Work required> Each entry should be set down again verbatim, with the images omitted.

Dataset>
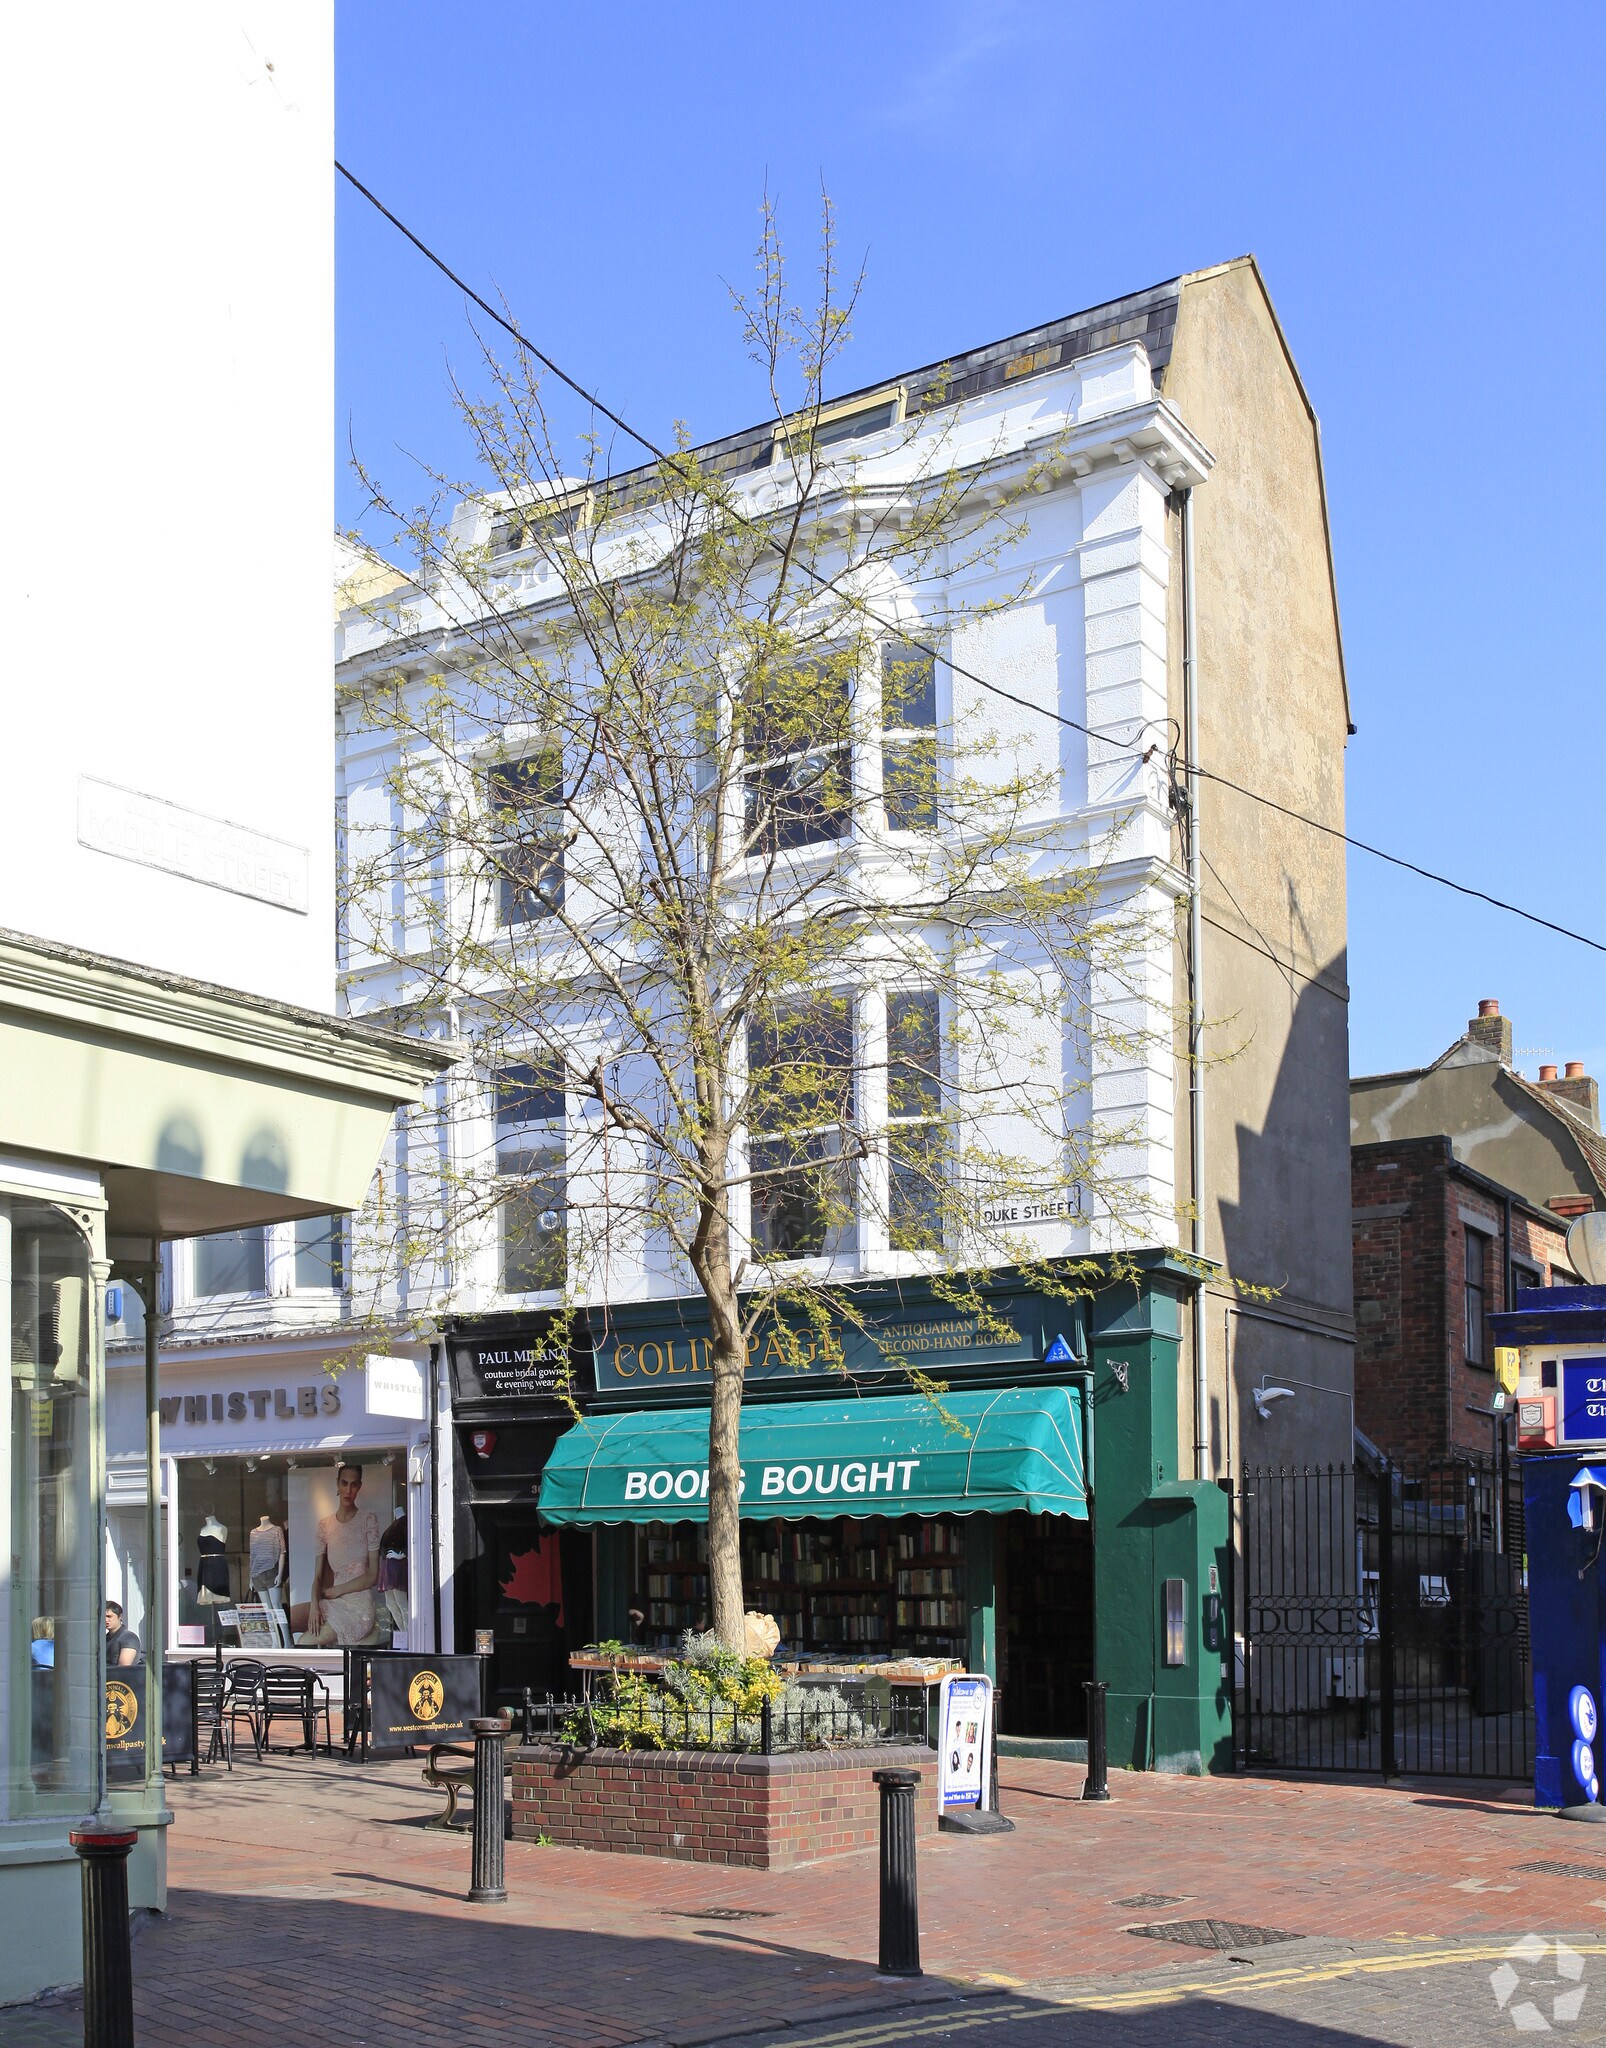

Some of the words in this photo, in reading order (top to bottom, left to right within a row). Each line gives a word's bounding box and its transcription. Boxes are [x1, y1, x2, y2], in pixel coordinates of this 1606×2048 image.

[201, 846, 299, 901] STREET
[983, 1207, 1018, 1223] DUKE
[1023, 1200, 1074, 1219] STREET
[882, 1319, 973, 1338] ANTIQUARIAN
[977, 1316, 1014, 1332] RRE
[878, 1334, 972, 1354] SECOND-HAND
[478, 1351, 512, 1365] PAUL
[484, 1368, 514, 1379] couture
[515, 1367, 537, 1378] bridal
[374, 1380, 423, 1394] WHISTLES
[495, 1380, 503, 1389] &
[504, 1379, 534, 1390] evening
[535, 1379, 556, 1388] wear
[159, 1384, 342, 1425] WHISTLES
[624, 1468, 746, 1500] BOO
[761, 1460, 921, 1496] BOUGHT
[1259, 1608, 1374, 1635] DUKES
[389, 1720, 464, 1734] www.westcornwallpasty.co.uk

Solution to the exercise>
Some of the words in this photo, in reading order (top to bottom, left to right within a row). Each line gives a word's bounding box and its transcription. Boxes are [x1, y1, x2, y2], in pixel coordinates of this 1606×2048 image.

[201, 846, 299, 901] STREET
[983, 1207, 1018, 1223] DUKE
[1023, 1200, 1074, 1219] STREET
[882, 1319, 973, 1338] ANTIQUARIAN
[977, 1316, 1014, 1332] RRE
[878, 1334, 972, 1354] SECOND-HAND
[478, 1351, 512, 1365] PAUL
[484, 1368, 514, 1379] couture
[515, 1367, 537, 1378] bridal
[374, 1380, 423, 1394] WHISTLES
[495, 1380, 503, 1389] &
[504, 1379, 534, 1390] evening
[535, 1379, 556, 1388] wear
[159, 1384, 342, 1425] WHISTLES
[624, 1468, 746, 1500] BOO
[761, 1460, 921, 1496] BOUGHT
[1259, 1608, 1374, 1635] DUKES
[389, 1720, 464, 1734] www.westcornwallpasty.co.uk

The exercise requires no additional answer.